-- Exercise --
Set down the entries again word for word, without any of the images.

━━━━━━━━━━━━━━━━

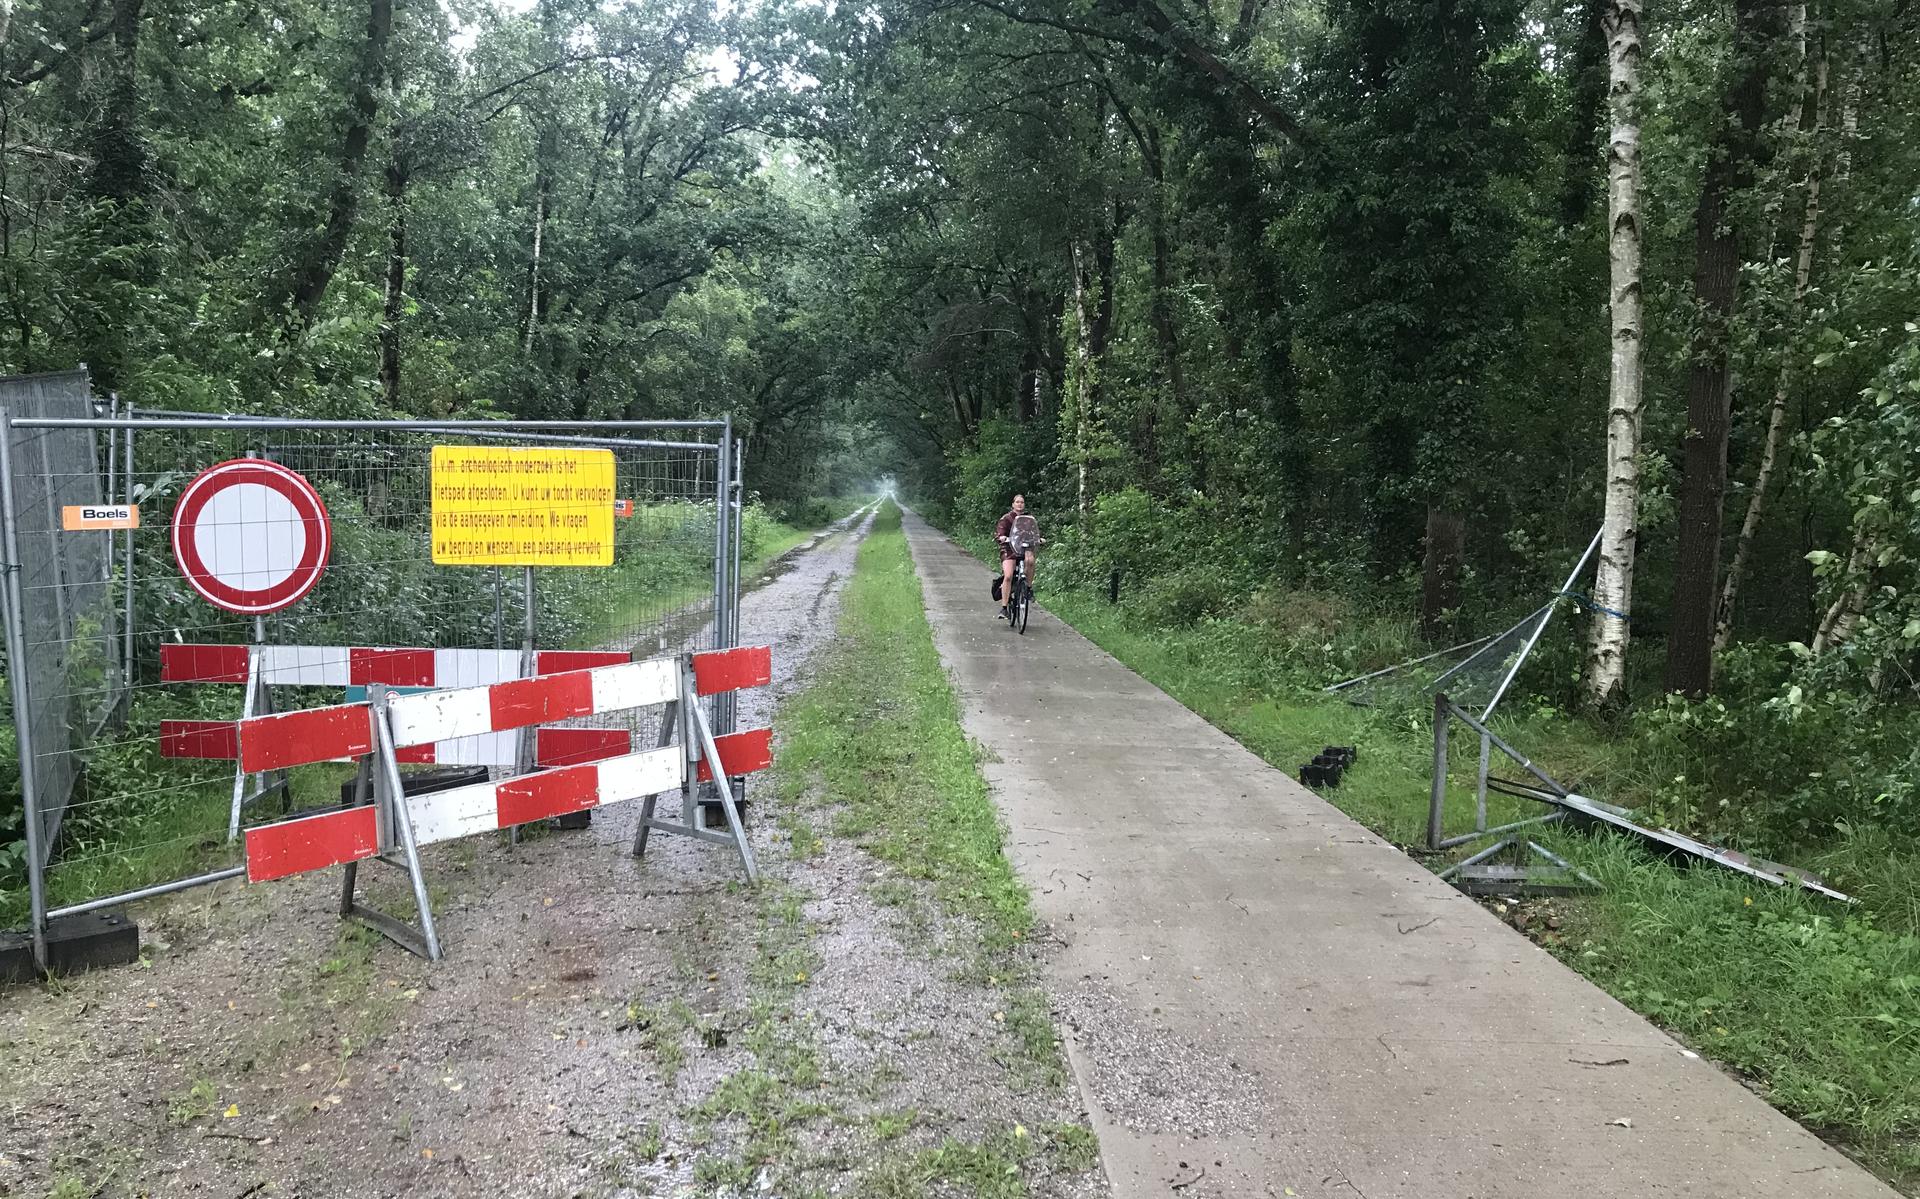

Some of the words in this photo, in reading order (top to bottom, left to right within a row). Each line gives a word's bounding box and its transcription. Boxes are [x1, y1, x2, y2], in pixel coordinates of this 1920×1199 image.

[461, 456, 513, 478] archeologisch
[515, 456, 554, 474] onderzoek
[556, 457, 563, 474] is
[564, 456, 577, 474] het
[434, 482, 466, 504] fietspad
[468, 482, 510, 505] afgesloten.
[513, 483, 519, 501] U
[521, 482, 539, 501] kunt
[541, 487, 551, 501] uw
[553, 483, 573, 501] tocht
[575, 483, 612, 506] vervolgen
[83, 508, 128, 519] Boels
[436, 510, 447, 528] via
[449, 510, 458, 528] de
[460, 513, 505, 533] aangegeven
[549, 510, 560, 528] We
[562, 513, 588, 533] vragen
[436, 541, 446, 555] uw
[449, 537, 472, 560] begrip
[475, 541, 484, 555] en
[487, 541, 513, 555] wensen
[516, 541, 521, 554] u
[523, 541, 535, 555] een
[538, 537, 572, 560] plezierig
[574, 537, 601, 560] vervolg

━━━━━━━━━━━━━━━━

-- The answer --
Some of the words in this photo, in reading order (top to bottom, left to right within a row). Each line gives a word's bounding box and its transcription. Boxes are [x1, y1, x2, y2], in pixel coordinates of this 1920×1199 image.

[461, 456, 513, 478] archeologisch
[515, 456, 554, 474] onderzoek
[556, 457, 563, 474] is
[564, 456, 577, 474] het
[434, 482, 466, 504] fietspad
[468, 482, 510, 505] afgesloten.
[513, 483, 519, 501] U
[521, 482, 539, 501] kunt
[541, 487, 551, 501] uw
[553, 483, 573, 501] tocht
[575, 483, 612, 506] vervolgen
[83, 508, 128, 519] Boels
[436, 510, 447, 528] via
[449, 510, 458, 528] de
[460, 513, 505, 533] aangegeven
[549, 510, 560, 528] We
[562, 513, 588, 533] vragen
[436, 541, 446, 555] uw
[449, 537, 472, 560] begrip
[475, 541, 484, 555] en
[487, 541, 513, 555] wensen
[516, 541, 521, 554] u
[523, 541, 535, 555] een
[538, 537, 572, 560] plezierig
[574, 537, 601, 560] vervolg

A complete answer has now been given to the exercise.